For every .0545 decrease in price, the sales increases by 1. There is a difference of 22 sales between urban and rural. There is also an difference of 1200 sales between US and foreign stores.

(c) Write out the model in equation form, being careful to handle the qualitative variables properly.

Sales = 13.043469 - 0.054459(Price) - 0.021916(UrbanYes) +1.200573(USYes)

d) For which of the predictors can you reject the null hypothesis H0 : βj = 0?

We can reject the null hypothesis for Price and USYes. It seems that we have insignificant evidence to reject the null hypothesis for UrbanYes.

(e) On the basis of your response to the previous question, fit a smaller model that only uses the predictors for which there is evidence of association with the outcome.

seats2 <- lm(Sales ~ Price + US, data = Carseats)

summary(seats2)
## 
## Call:
## lm(formula = Sales ~ Price + US, data = Carseats)
## 
## Residuals:
##     Min      1Q  Median      3Q     Max 
## -6.9269 -1.6286 -0.0574  1.5766  7.0515 
## 
## Coefficients:
##             Estimate Std. Error t value Pr(>|t|)    
## (Intercept) 13.03079    0.63098  20.652  < 2e-16 ***
## Price       -0.05448    0.00523 -10.416  < 2e-16 ***
## USYes        1.19964    0.25846   4.641 4.71e-06 ***
## ---
## Signif. codes:  0 '***' 0.001 '**' 0.01 '*' 0.05 '.' 0.1 ' ' 1
## 
## Residual standard error: 2.469 on 397 degrees of freedom
## Multiple R-squared:  0.2393, Adjusted R-squared:  0.2354 
## F-statistic: 62.43 on 2 and 397 DF,  p-value: < 2.2e-16

(f) How well do the models in (a) and (e) fit the data?

These models don’t fit the data very well. They both have an extremely low R-squared.

(g) Using the model from (e), obtain 95 % confidence intervals for the coefficient(s).

confint(seats2, level = .95)
##                   2.5 %      97.5 %
## (Intercept) 11.79032020 14.27126531
## Price       -0.06475984 -0.04419543
## USYes        0.69151957  1.70776632

(h) Is there evidence of outliers or high leverage observations in the model from (e)?

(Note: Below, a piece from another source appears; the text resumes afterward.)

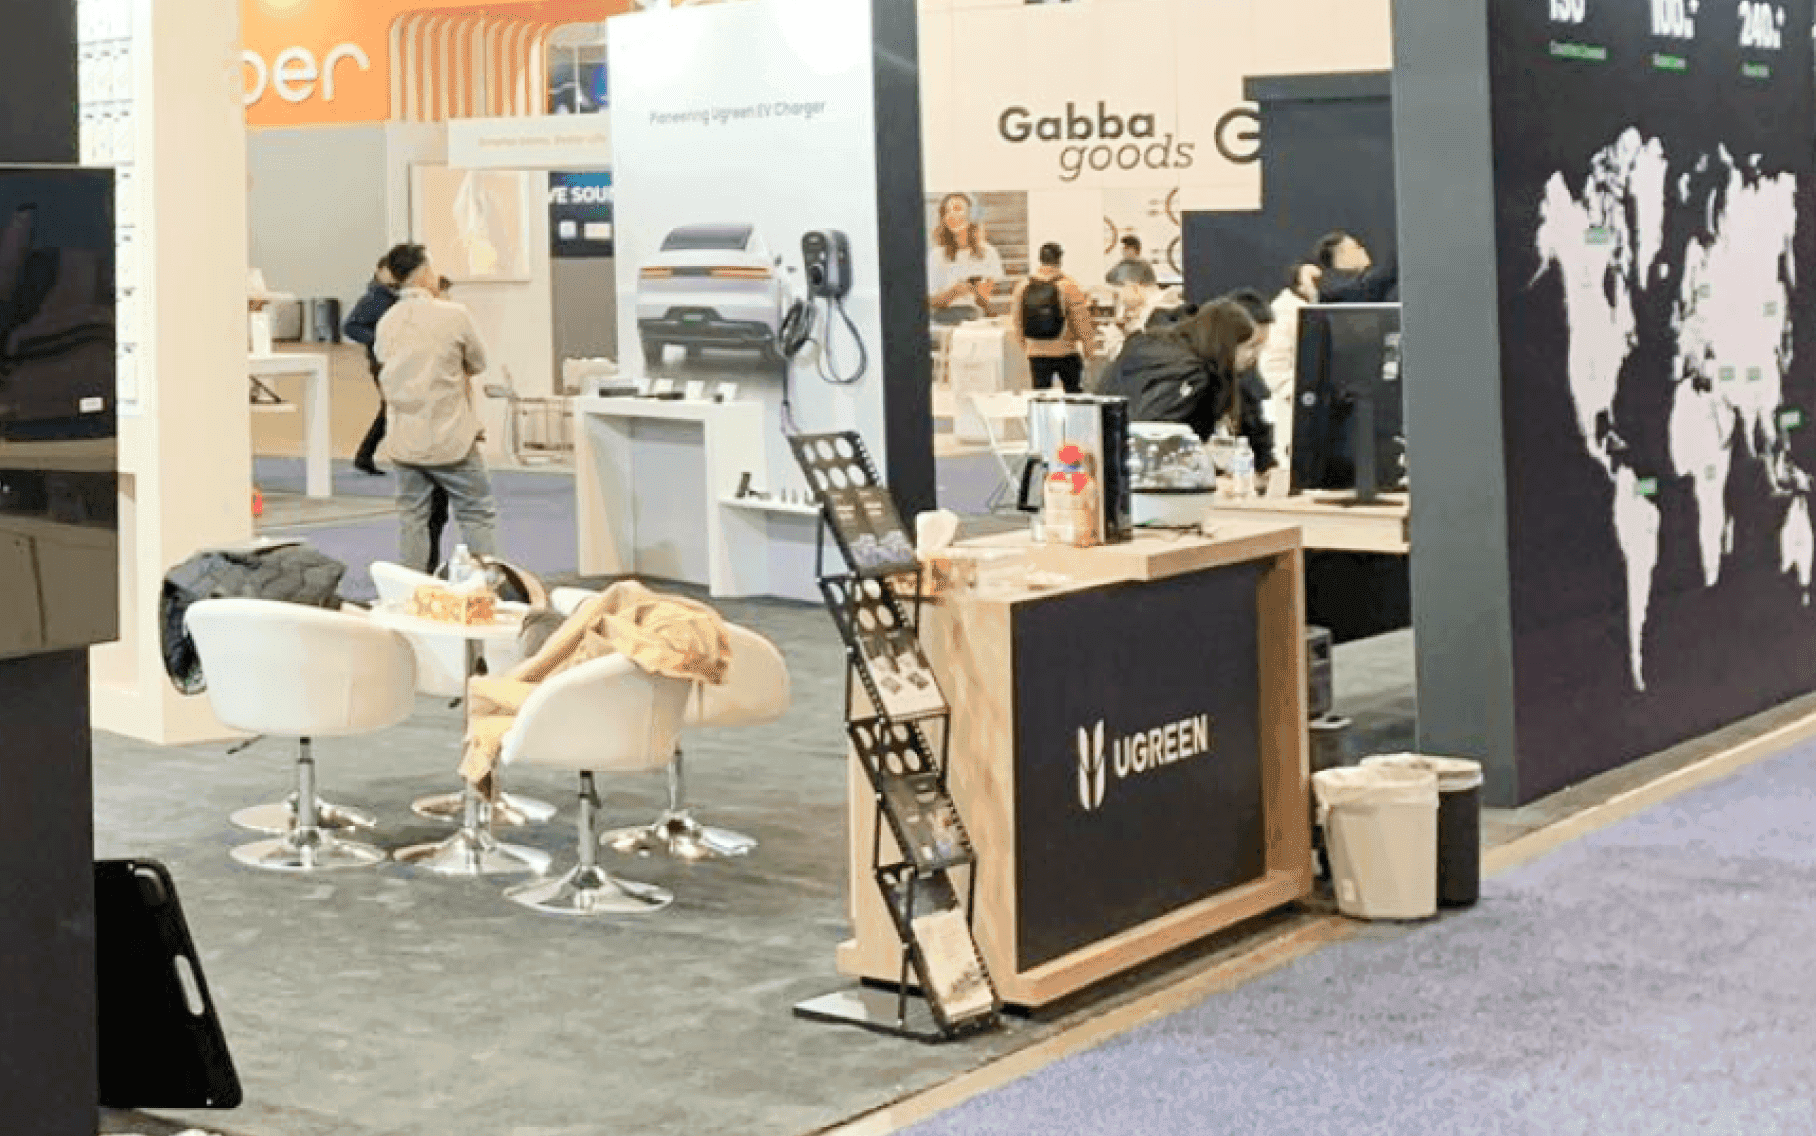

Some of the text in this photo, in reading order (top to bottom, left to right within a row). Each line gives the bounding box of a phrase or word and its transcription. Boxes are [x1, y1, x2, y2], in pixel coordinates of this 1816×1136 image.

'Other code I found online'
## [1] "Other code I found online"
round(((2 + 1) / nrow(Carseats)), 10) == round(mean(hatvalues(seats2)), 10)
## [1] TRUE
broom::augment(seats2) %>%
  select(.hat, .std.resid) %>%
  ggplot(aes(x = .hat, y = .std.resid)) + 
  geom_point() + 
  geom_hline(yintercept = -2, col = "deepskyblue3", size = 1) + 
  geom_hline(yintercept = 2, col = "deepskyblue3", size = 1) + 
  geom_vline(xintercept = 3 / nrow(Carseats), col = "mediumseagreen", size = 1) + 
  theme_light() + 
  labs(x = "Leverage", 
       y = "Standardized Residual", 
       title = "Residuals vs Leverage")
## Warning: Using `size` aesthetic for lines was deprecated in ggplot2 3.4.0.
## ℹ Please use `linewidth` instead.

As you can see, we have some problem values in the top right and bottom right corner. However for such a big data set, we would expect around 10 problem observations.

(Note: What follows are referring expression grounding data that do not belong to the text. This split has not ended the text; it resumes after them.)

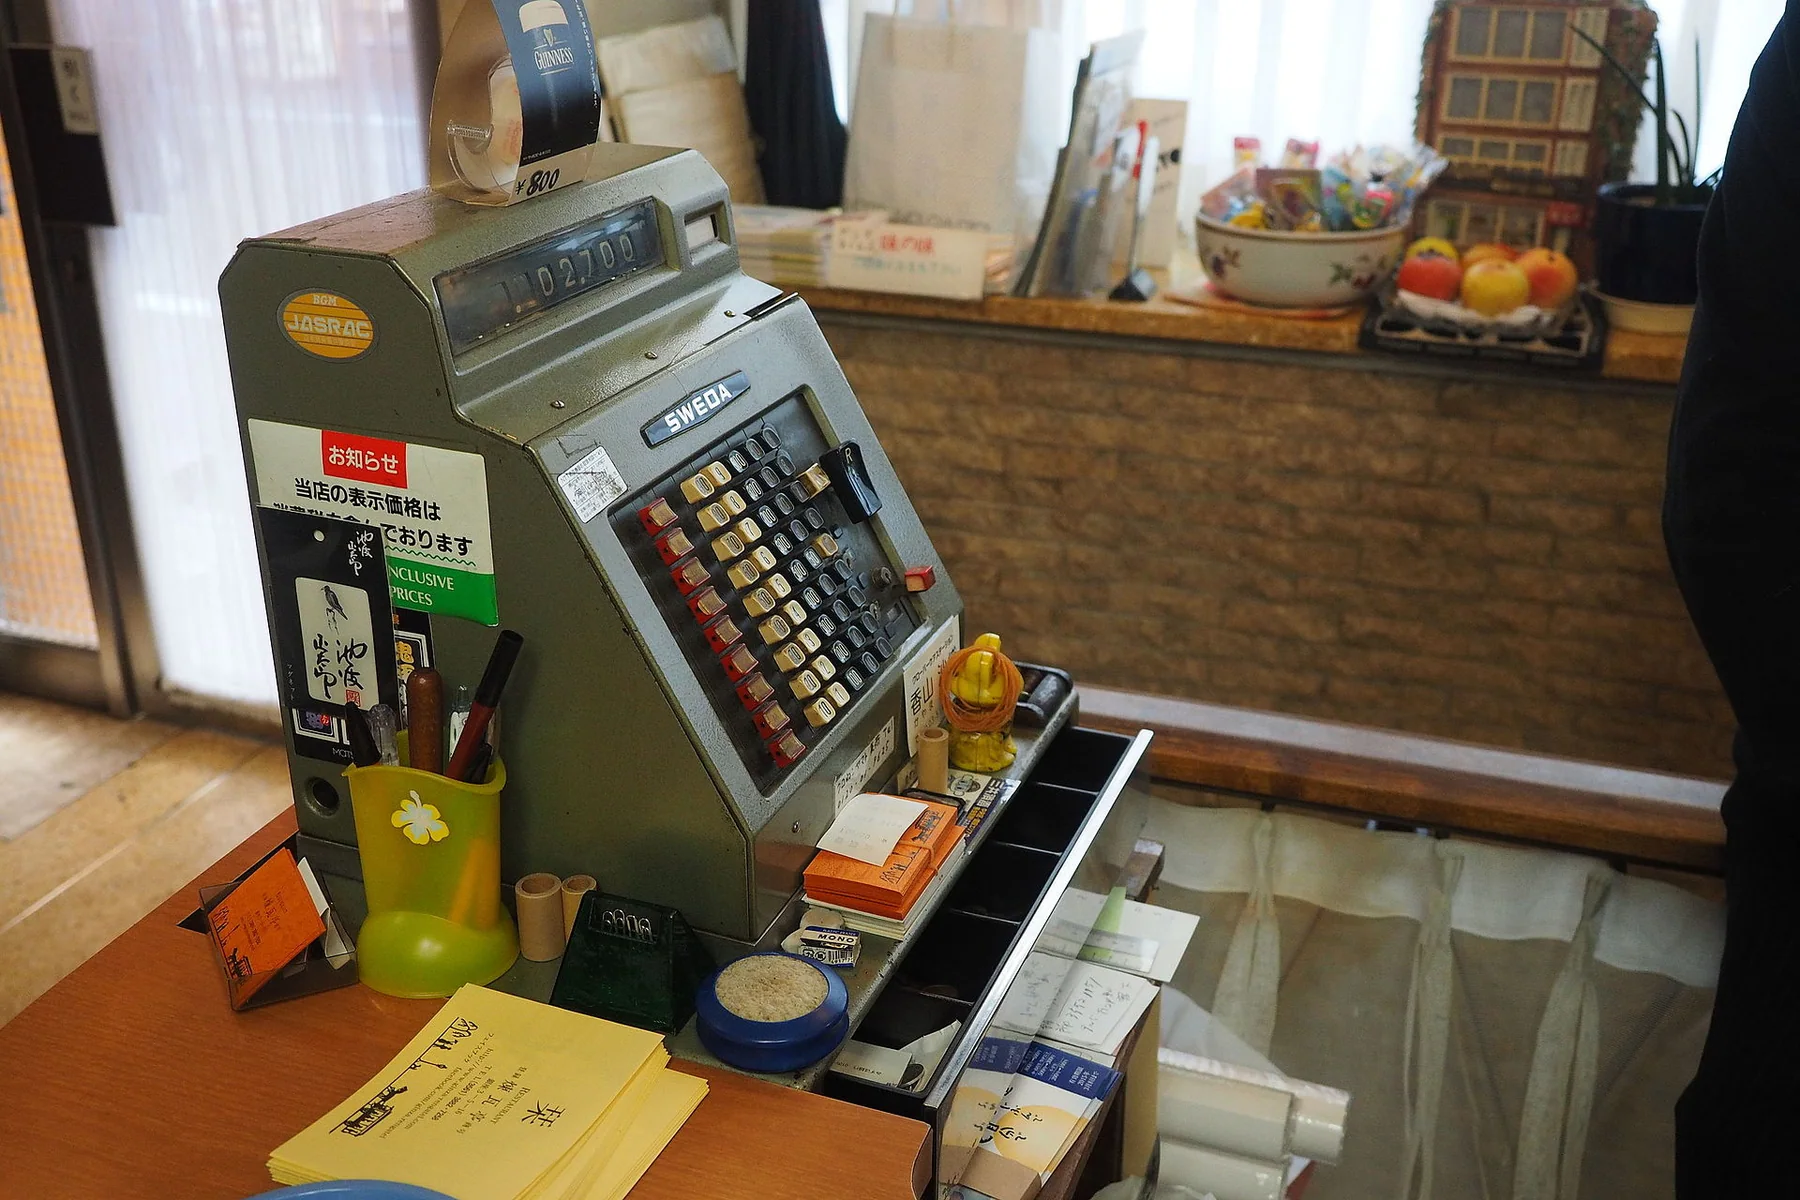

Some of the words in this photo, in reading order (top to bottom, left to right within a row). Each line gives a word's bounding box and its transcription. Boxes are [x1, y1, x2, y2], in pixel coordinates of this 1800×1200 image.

[534, 47, 574, 70] GUINNESS
[313, 294, 338, 306] BGM
[288, 314, 370, 338] JASRAC
[664, 383, 733, 433] SWEDA
[329, 445, 399, 475] お知らせ
[845, 447, 853, 464] R
[295, 476, 442, 521] 当店の表示価格は
[388, 565, 455, 591] NCLUSIVE
[390, 586, 433, 606] PRICES
[818, 934, 854, 943] MONO
[521, 1099, 566, 1128] 栞

12. This problem involves simple linear regression without an intercept. (a) Recall that the coefficient estimate βˆ for the linear regression of Y onto X without an intercept is given by (3.38). Under what circumstance is the coefficient estimate for the regression of X onto Y the same as the coefficient estimate for the regression of Y onto X?

I couldn’t get the latex to work for this problem.The estimates are the same if B(a)=(Sum(xy)/Sum(x^2)) and B(b) = (Sum(yx)/Sum(y^2)), where

yhat = B(a)x and xhat= B(b)y

(b) Generate an example in R with n = 100 observations in which the coefficient estimate for the regression of X onto Y is different from the coefficient estimate for the regression of Y onto X.

x <- rnorm(100)
y <- 10*x + rnorm(100)
data <- data.frame(x, y)

lm_a <- lm(y ~ x + 0)
lm_b <- lm(x ~ y + 0)

ggplot(data, aes(x, y)) + 
  geom_point(color="blue") + 
  geom_abline(intercept = 0, slope = coef(lm_a), size = 1, col = "black") + 
  geom_abline(intercept = 0, slope = 1 / coef(lm_b), size = 1, col = "green")

(c) Generate an example in R with n = 100 observations in which the coefficient estimate for the regression of X onto Y is the same as the coefficient estimate for the regression of Y onto X.

x <- rnorm(100)
y <- x
data <- data.frame(x, y)

lm_a <- lm(y ~ x + 0)
lm_b <- lm(x ~ y + 0)

ggplot(data, aes(x, y)) + 
  geom_point(color="blue") + 
  geom_abline(intercept = 0, slope = coef(lm_a), size = 1, col = "black") + 
  geom_abline(intercept = 0, slope = 1 / coef(lm_b), size = 1, col = "green")